Registro da candidatura de JK | Foto: Italo Wolff/Jornal Opção/Acervo TRE

O jornalista e escritor Hélio Rocha tinha 24 anos na data e se lembra de ter votado em Juscelino Kubitschek. Em entrevista ao Jornal Opção, ele relata: “A minha família era amiga da família do candidato de oposição, Wagner Estelita, e eu tinha amizade com seus filhos. Apesar disso, eu acreditava que Goiás tinha a obrigação de agradecer a Juscelino Kubitschek. A mudança da capital para o planalto foi responsável por trazer progresso para a região e, além disso, foi JK quem construiu a primeira rodovia asfaltada do estado, a BR-153; ele também construiu as duas primeiras universidades do estado, a UFG e a Universidade Católica.”

De 1961 a 1964, a atuação de Juscelino Kubitschek como Senador não teve percalços. Seu mandato como parlamentar, entretanto, foi uma segunda vez interrompido por uma ruptura da democracia. JK apoiou a eleição indireta de Castello Branco após a deposição do então presidente João Goulart, em abril de 1964, com a promessa feita pelo militar de que as eleições em 1965 seriam garantidas.
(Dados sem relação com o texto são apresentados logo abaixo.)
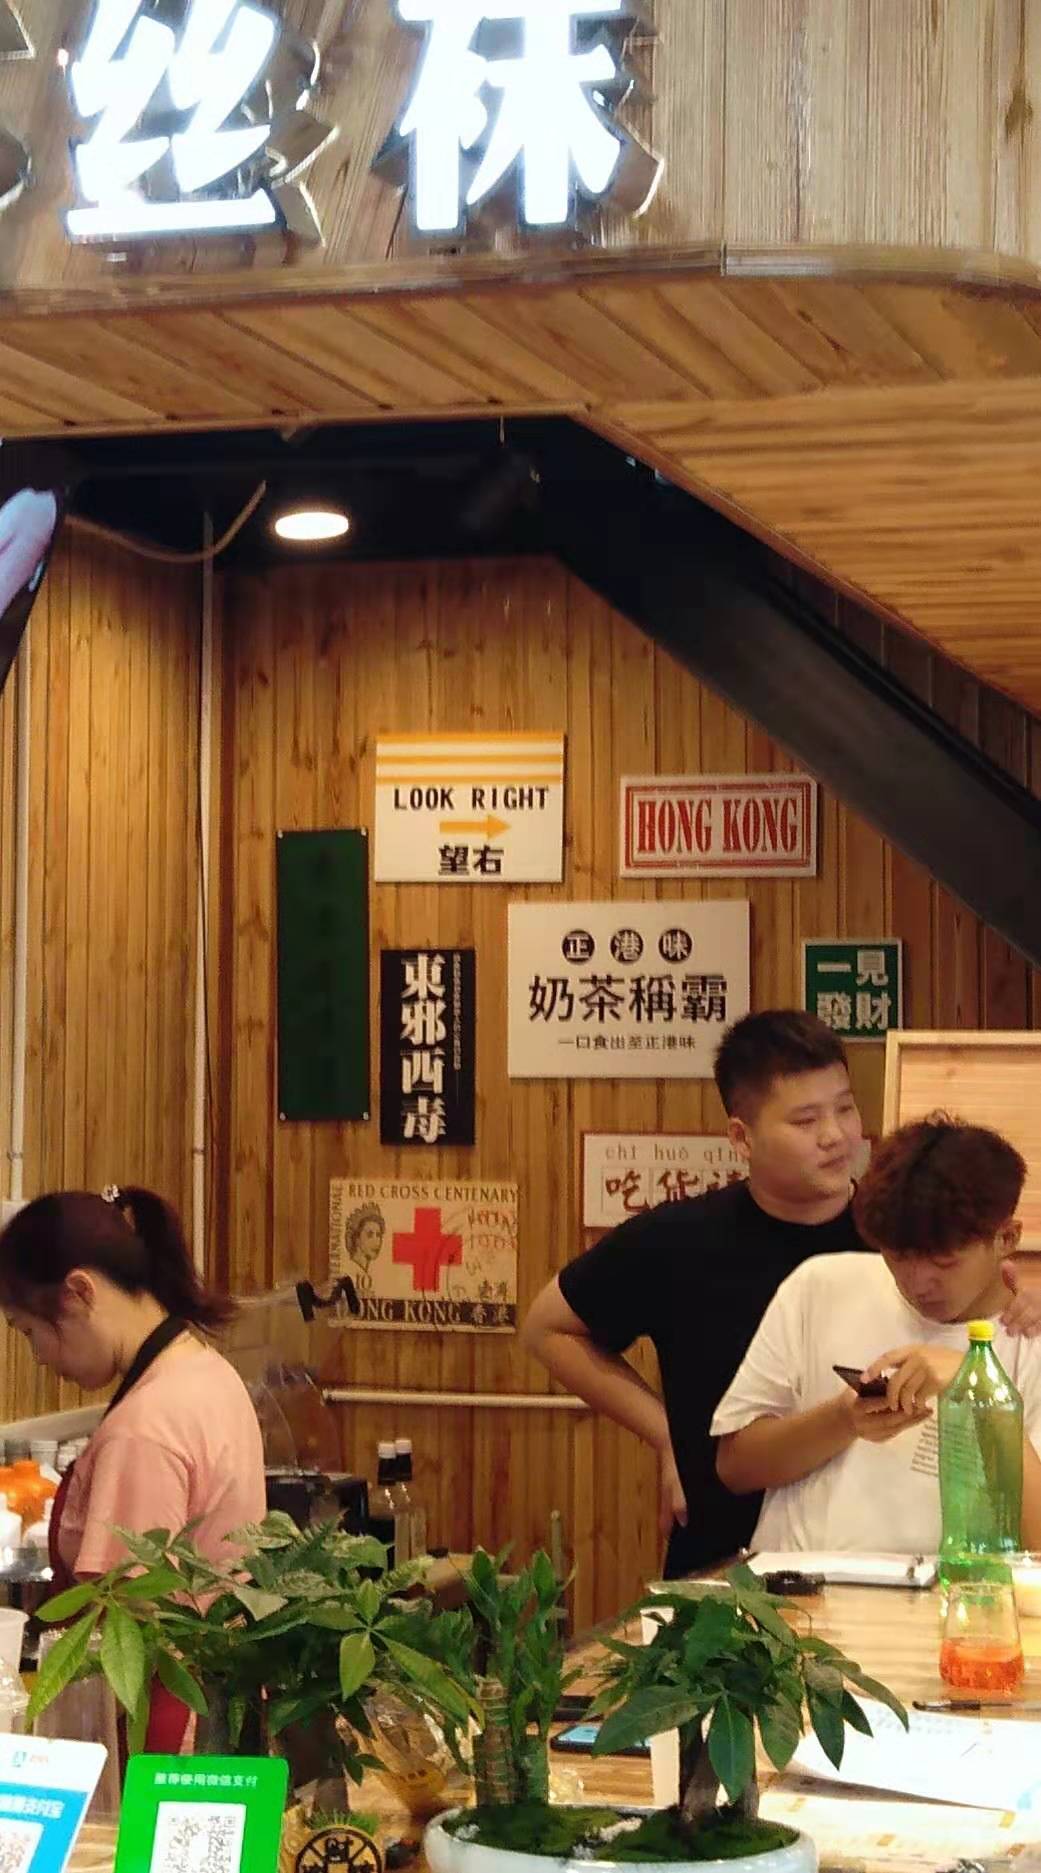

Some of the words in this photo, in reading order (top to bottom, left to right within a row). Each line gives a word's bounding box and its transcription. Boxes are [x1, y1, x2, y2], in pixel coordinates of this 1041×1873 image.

[66, 0, 622, 232] 丝袜
[393, 787, 454, 810] LOOK
[471, 787, 550, 810] RIGHT
[637, 797, 712, 854] HONG
[722, 797, 799, 854] KONG
[438, 844, 504, 875] 望右
[562, 928, 692, 964] 正港味
[816, 949, 889, 987] 一見
[528, 974, 728, 1024] 奶茶稱霸
[816, 991, 892, 1031] 發財
[400, 952, 447, 1144] 東邪西毒
[349, 1184, 375, 1199] RED
[379, 1185, 429, 1201] CROSS
[433, 1186, 519, 1204] CENTENARY
[403, 1301, 461, 1323] KONG
“Em 1964, todos com a exceção de Tancredo Neves apoiaram a posse de Castello Branco”, afirma Jarbas Silva Marques. “Até Ulysses Guimarães apoiou!” A promessa, entretanto, foi quebrada e em julho Juscelino Kubitschek teve seu mandato cassado.  Hélio Rocha explica a razão da traição sofrida pelo ex-presidente: “A ditadura ficou com medo de JK, porque ele provavelmente concorreria nas eleições de 1965 contra Carlos Lacerda pela UDN, e muito provavelmente ganharia, porque era muito mais popular”. 

Jarbas Silva Marques traz a medida da aprovação: 68%. “JK não tinha mau trânsito com os militares, até porque ele próprio fora médico da Polícia Militar mineira. O problema era a proposta que defendia até mesmo no seu lema de campanha: a reforma agrária. A reforma agrária sempre foi o maior vespeiro do Brasil”, diz Jarbas Silva Marques. 
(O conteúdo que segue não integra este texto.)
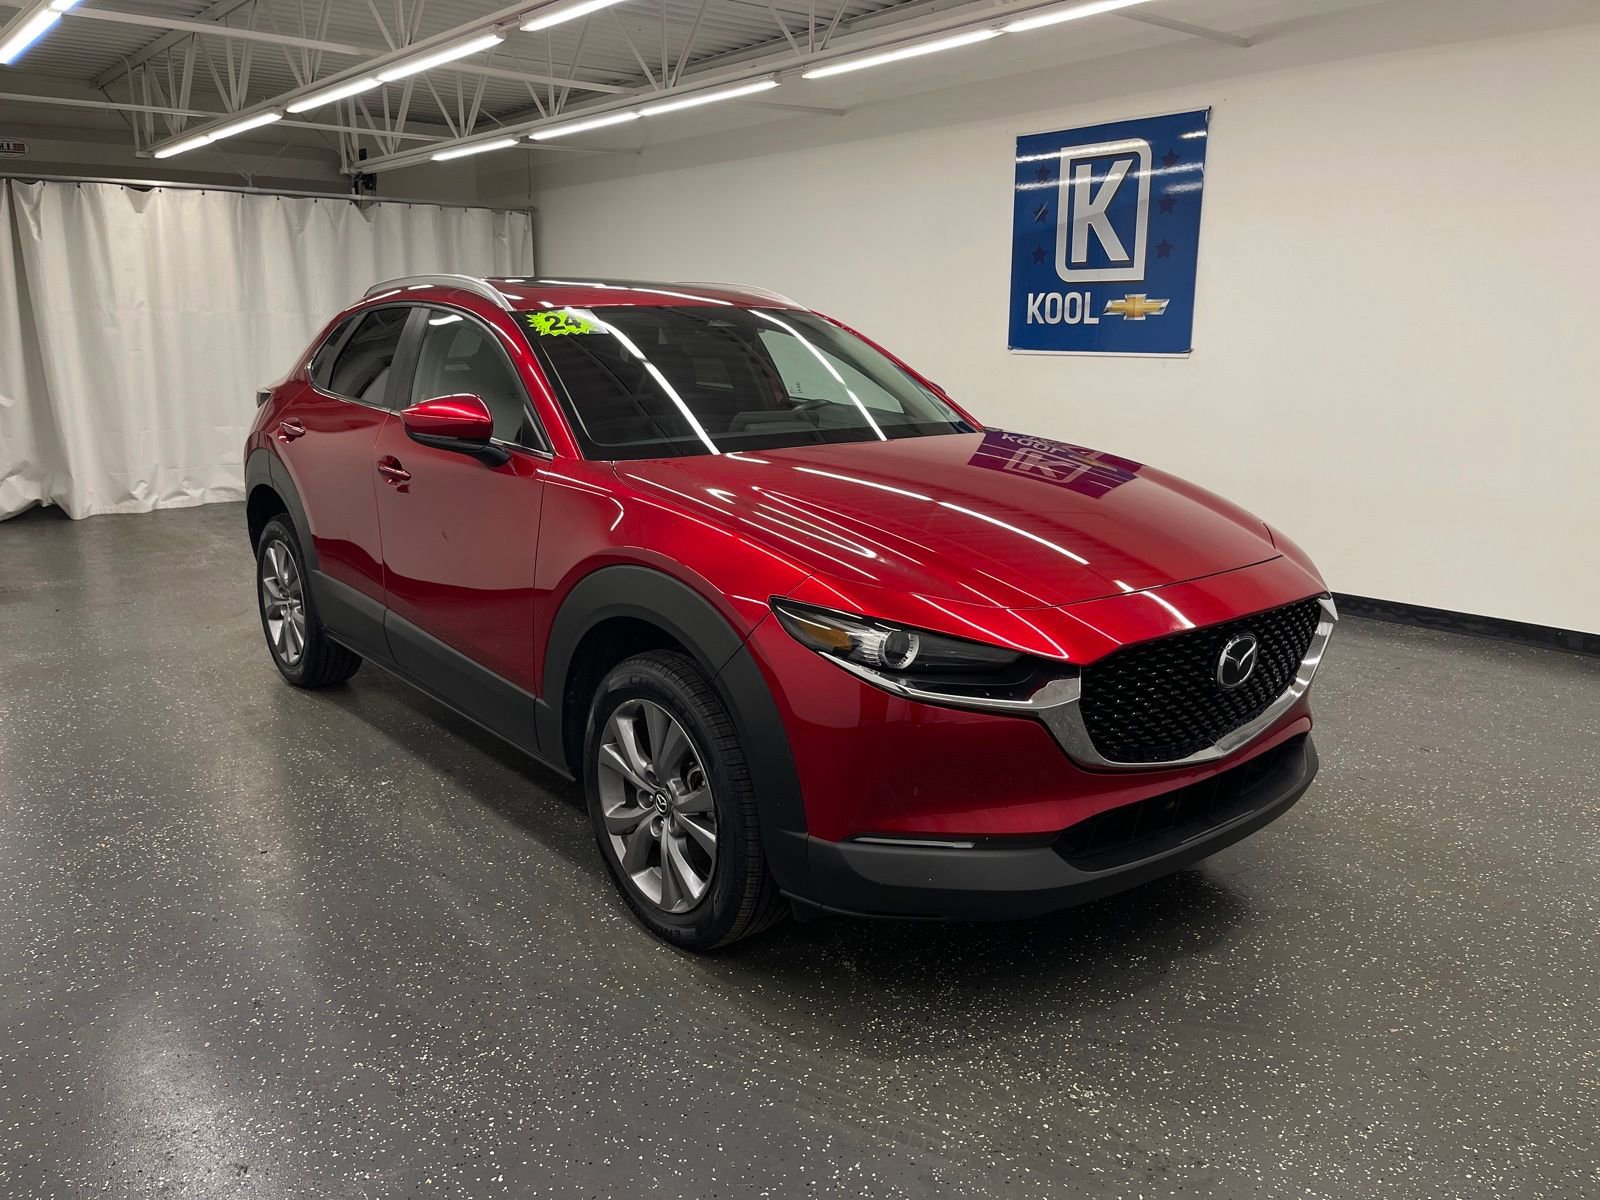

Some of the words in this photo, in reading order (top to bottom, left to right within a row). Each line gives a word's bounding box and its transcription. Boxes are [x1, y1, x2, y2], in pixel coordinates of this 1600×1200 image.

[1071, 159, 1133, 263] K
[544, 315, 582, 331] 24
[1026, 291, 1100, 325] KOOL
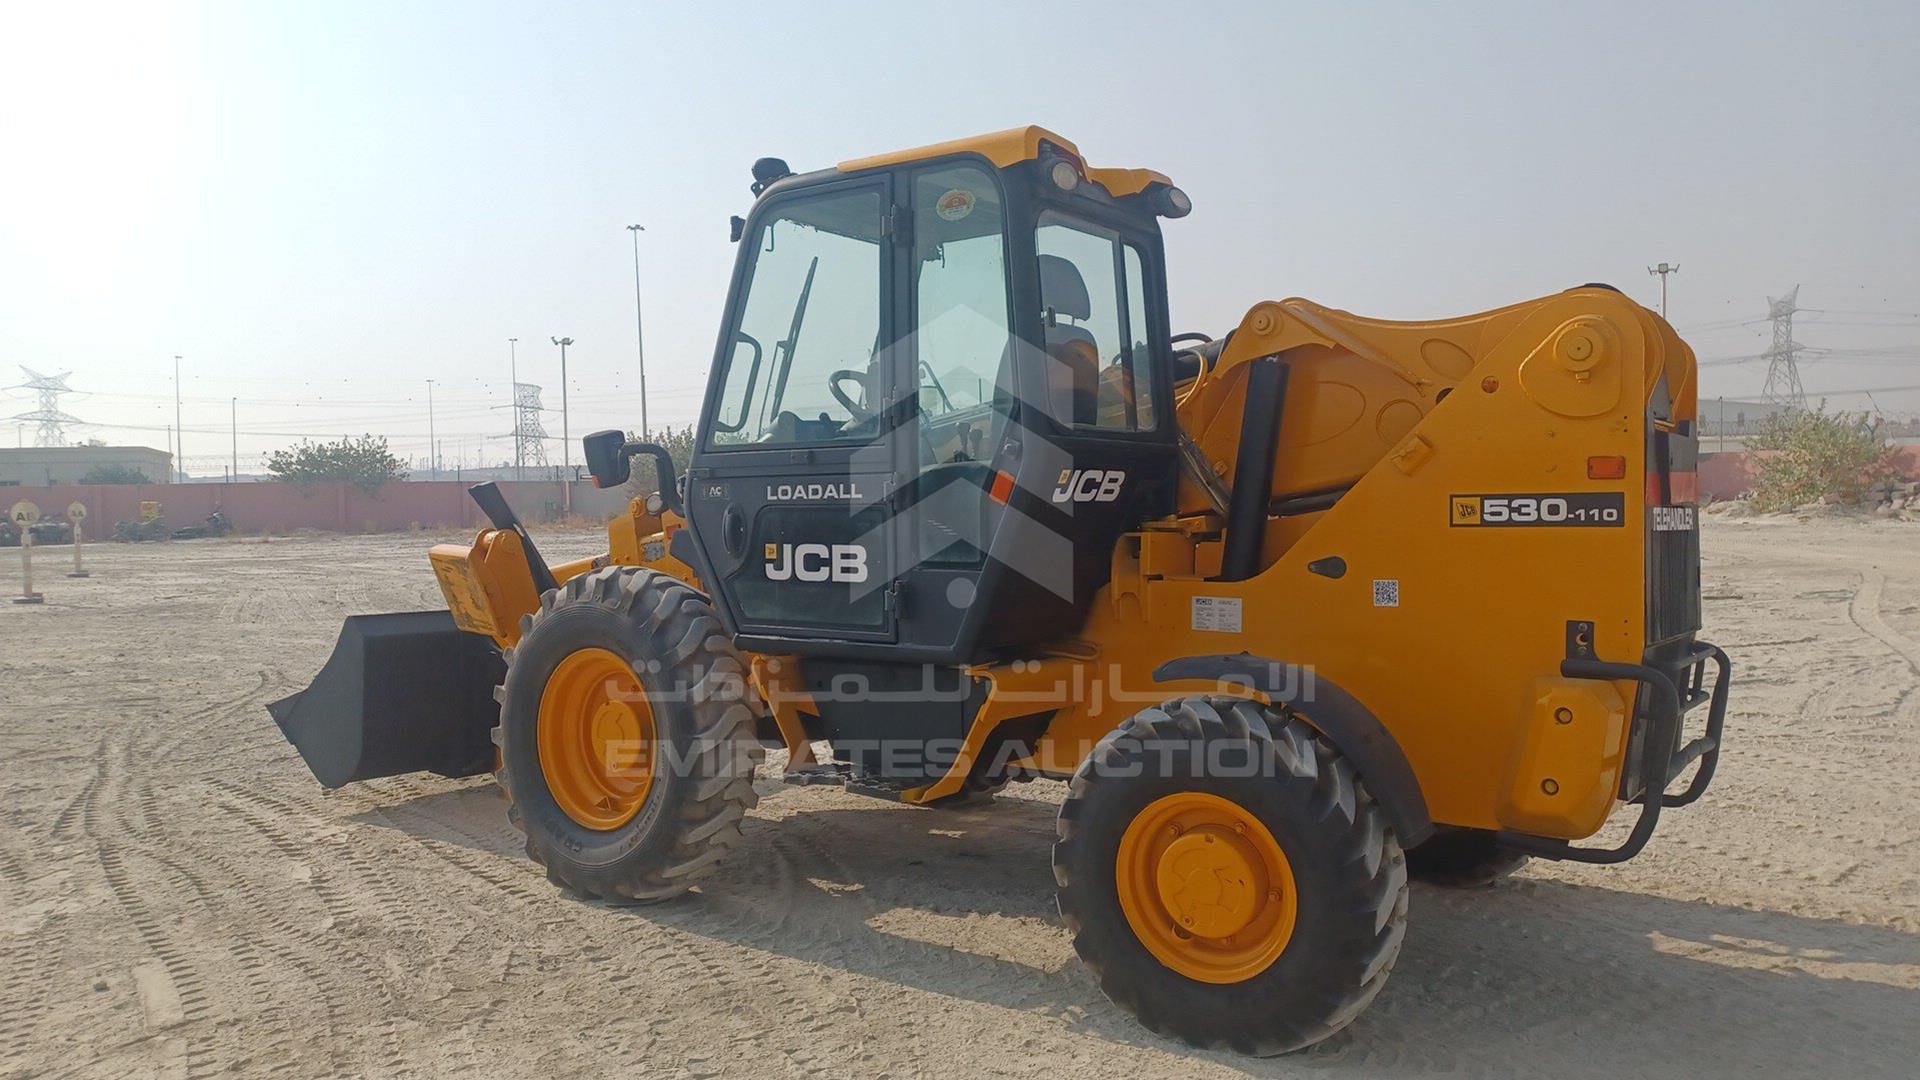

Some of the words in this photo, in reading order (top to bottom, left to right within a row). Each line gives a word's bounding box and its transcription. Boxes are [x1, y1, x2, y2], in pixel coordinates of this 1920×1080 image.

[766, 483, 863, 501] LOADALL
[1052, 469, 1126, 503] JCB
[1483, 498, 1618, 522] 530-110
[1653, 507, 1693, 531] TELEHANDLER
[765, 543, 868, 583] JCB
Traído, Juscelino Kubitschek foi intensamente perseguido pelo regime militar. Jarbas Silva Marques afirma que JK sofreu torturas em um quartel de Niterói, onde teve os pés quebrados. “Os militares o colocaram para depor debaixo de uma escada; o ex-presidente da República, antigo chefe de todas as forças armadas, sendo interrogado por um tenente. Eles colocavam baixas patentes para fazer o interrogatório e assim desmoralizá-lo. JK Foi muito perseguido, teve de viver em Portugal, Nova York, Paris, exilado. Quando voltou, continuou sendo perseguido.” O relato de Jarbas Silva Marques é corroborado pelos documentos e análises da Comissão da Verdade.
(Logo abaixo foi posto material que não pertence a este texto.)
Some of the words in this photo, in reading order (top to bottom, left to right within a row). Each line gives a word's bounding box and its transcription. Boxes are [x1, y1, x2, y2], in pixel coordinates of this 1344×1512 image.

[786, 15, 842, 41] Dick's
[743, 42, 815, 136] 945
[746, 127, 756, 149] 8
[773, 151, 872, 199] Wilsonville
Sua última morada foi na “Fazendinha JK”, em Luziânia, Goiás, há 18 quilômetros de Brasília, de onde “pelo menos podia contemplar as luzes de Brasília ao entardecer”, conforme o próprio presidente escreveu em suas memórias. A história de como o local foi escolhido por ele é relatada pelo museu que hoje funciona na Fazendinha JK:

“Juscelino Kubitschek em uma viagem à Brasília teve seu pouso proibido pelo governo militar no Aeroporto De Brasília, como a aeronave estava em pane, foi autorizado o mesmo no Aeroporto Rural De Brasília, que se situa na cidade de Luziânia, GO. Ao chegar a Luziânia com muitas saudades do filho que ele não viu crescer, “Brasília”, pediu para as pessoas ali presentes que o levassem em algum lugar que pudesse pelo menos vislumbrar ao longe a sua criação. Foi levado então para a Rodovia Braluz, KM 18. Decidiu então adquirir a fazenda nesta localização, conhecida como Fazenda Santo Antônio Da Boa Vista no ano de 1969, que já era um projeto estudado pelo Presidente em seu exílio. Ser fazendeiro no Planalto Central. Denominou então a propriedade como Fazendinha JK”.